Funny I'm a TOS fan (saw it first run on NBC at age 6 in 1969) - and I enjoyed STO9 - liked ST: Into Darkness MORE than ST09; and also enjoyed ST: Beyond (but overall it's the weakest of thew three in many areas; and if I have one complaint of the JJ Verse it's having the 1701 get it's ass handed to it in ALL 3 films.

I didn't think ST: B was a 'step back' for the characters per se; I was honestly just a bity annoyed the 1701 was trashed almost immediately once they were into the 'main mission'. I loved the character interplay and the visuals of the Starbase were neat too.

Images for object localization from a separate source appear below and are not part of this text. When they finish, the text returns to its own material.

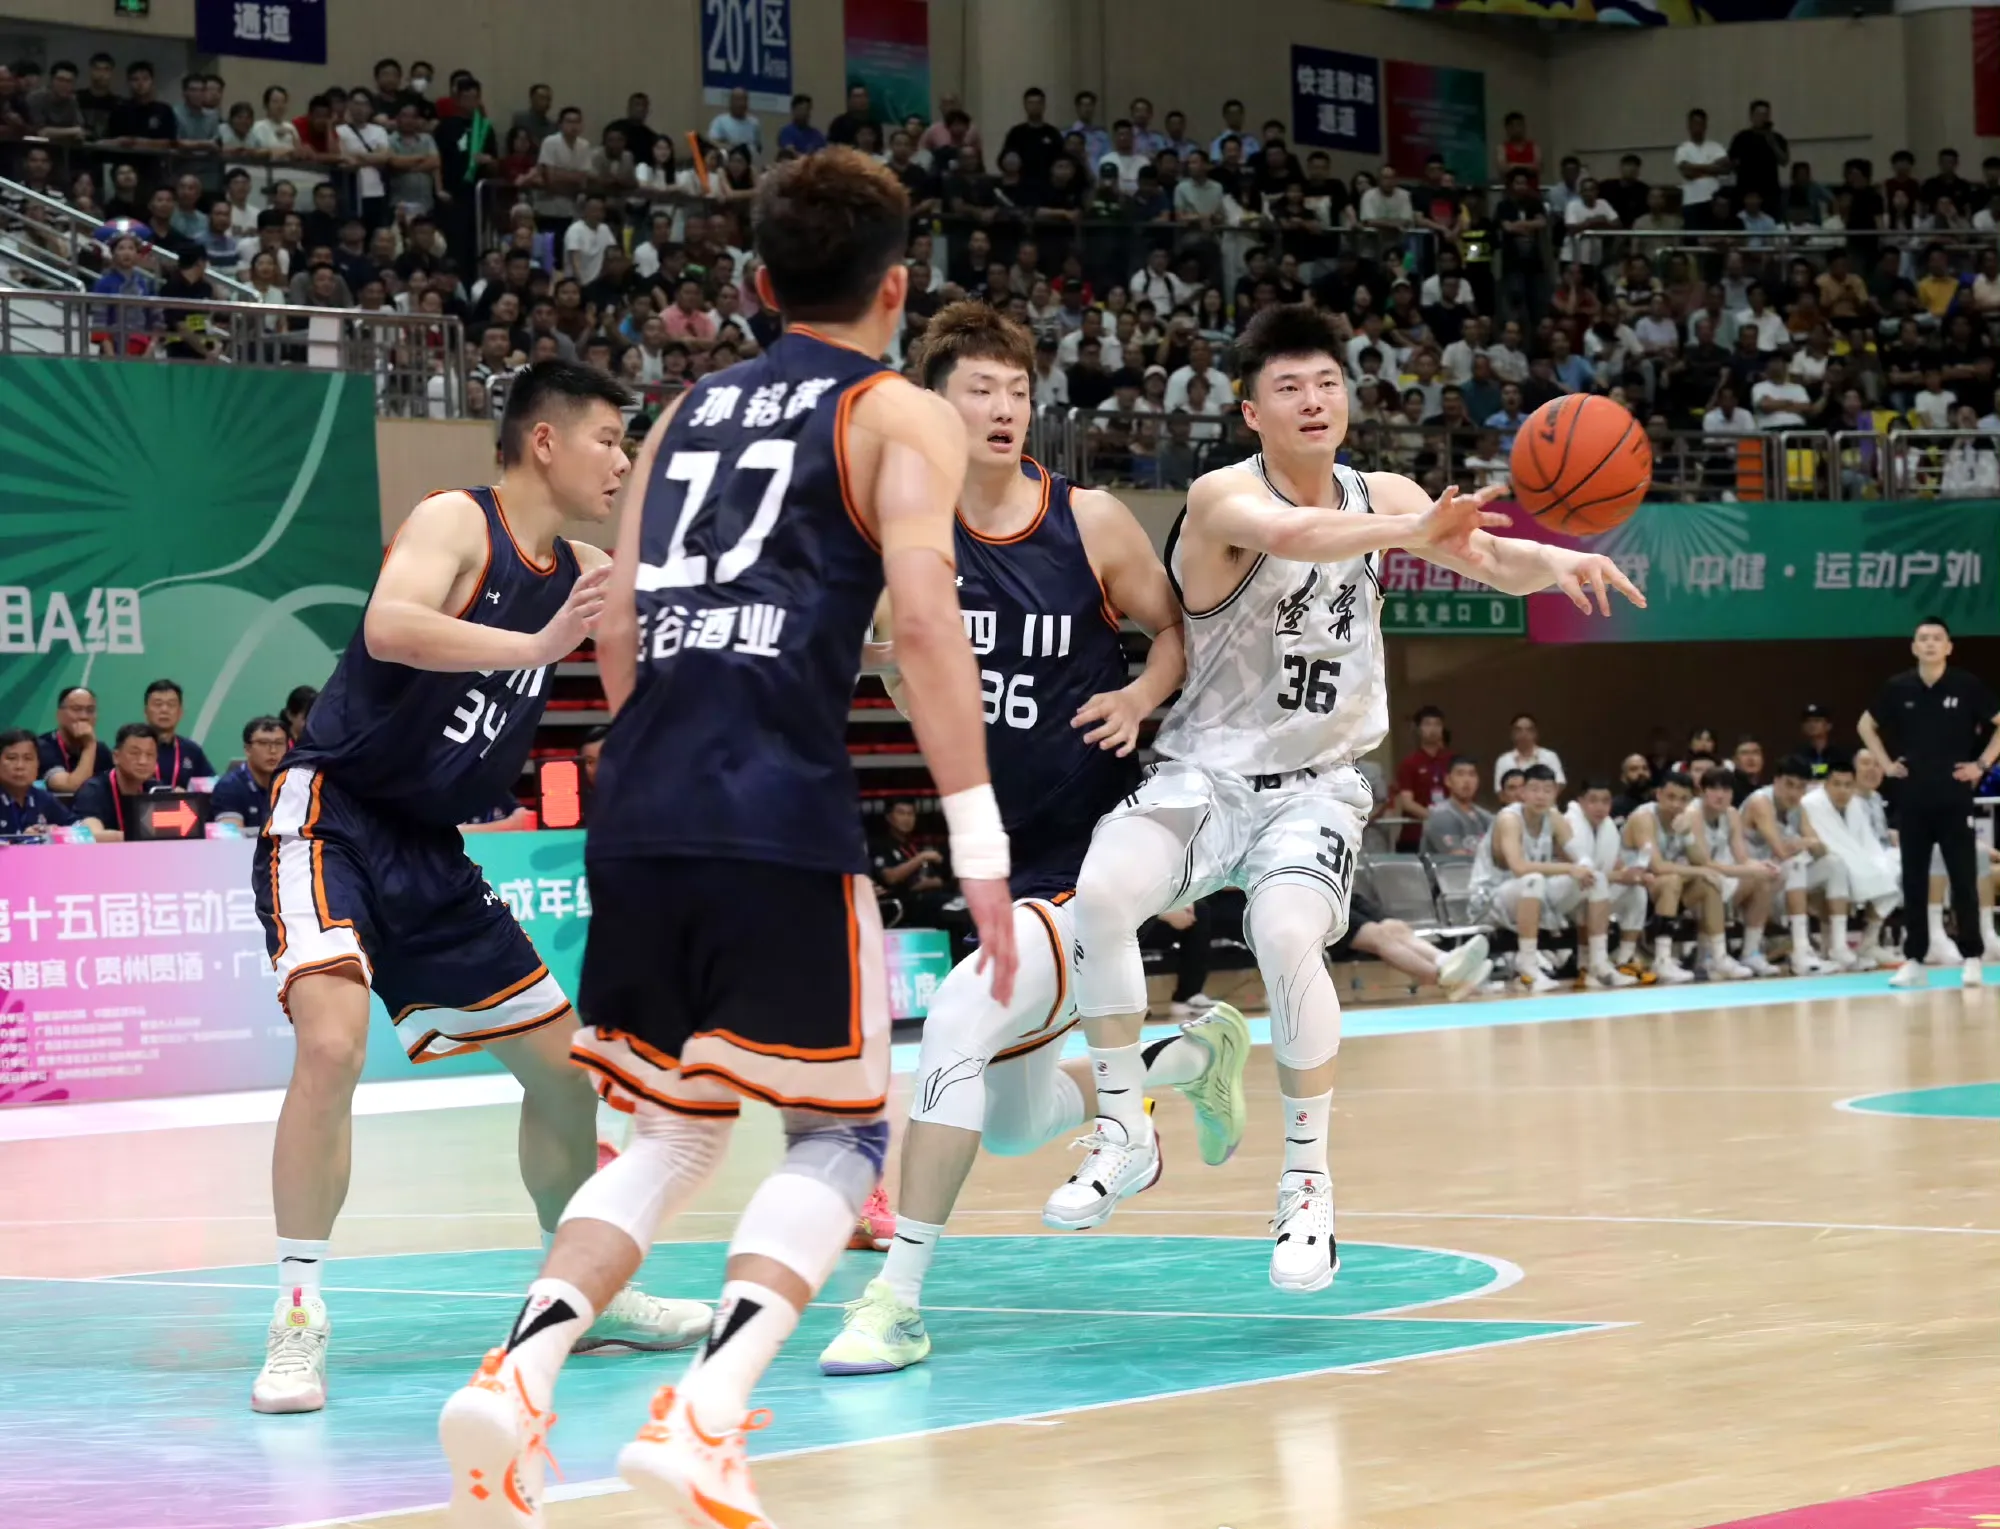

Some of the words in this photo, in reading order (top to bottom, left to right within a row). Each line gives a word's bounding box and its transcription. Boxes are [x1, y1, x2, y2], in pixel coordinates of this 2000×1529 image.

[233, 2, 290, 42] 通道
[635, 439, 797, 592] 17
[637, 603, 786, 662] 谷酒业
[960, 609, 1072, 658] 四川
[1490, 601, 1506, 626] D
[981, 669, 1038, 729] 36
[1277, 654, 1341, 714] 36
[442, 688, 508, 759] 34

I also loved the casting of Shohreh Aghdashloo as the Admiral on the Starbase.

I get really tired of primarily TNG fans discussing how TOS fans felt (and feel) about the JJ Verse films and ST: D. As a TOS fan I was more disappointed in the run and wholesale retconning TNG and the 24th century era in general did to TOS - an d the TNG feature films (unlike the TOS feature films and JJ Verse films - with the sole exception of ST: FC are honestly unwatchable for me (especially Generations) because they come off as BAD TNG episodes. Hell, the TNG series finale "All Good Things" would have been the better feature film story to do than ST: Gen).

Again, as for ST: D I do have issues with it - and I don't think doing similar sets to TOS (IE maintaining the look of them) for the 1701 would be an issue (as it's NOT the main ship); and I do wish they'd kept the exterior design of the 1701 as overall the Starship/Constitution Class model worked fine for ENT's "In A Mirror Darkly" <--- as did the sets (IE no viewer was saying "OMG I can't watch this because of the set design!" or "My God! How dare they use the original 'Constitution' look for the Defiant <--- and that was a modern CGI model for 2005) - yes, they could have done the same thing here for the 1701 and I doubt anyone would have screamed beyond TNG fans who think any change to to 'modernize' TOS is great.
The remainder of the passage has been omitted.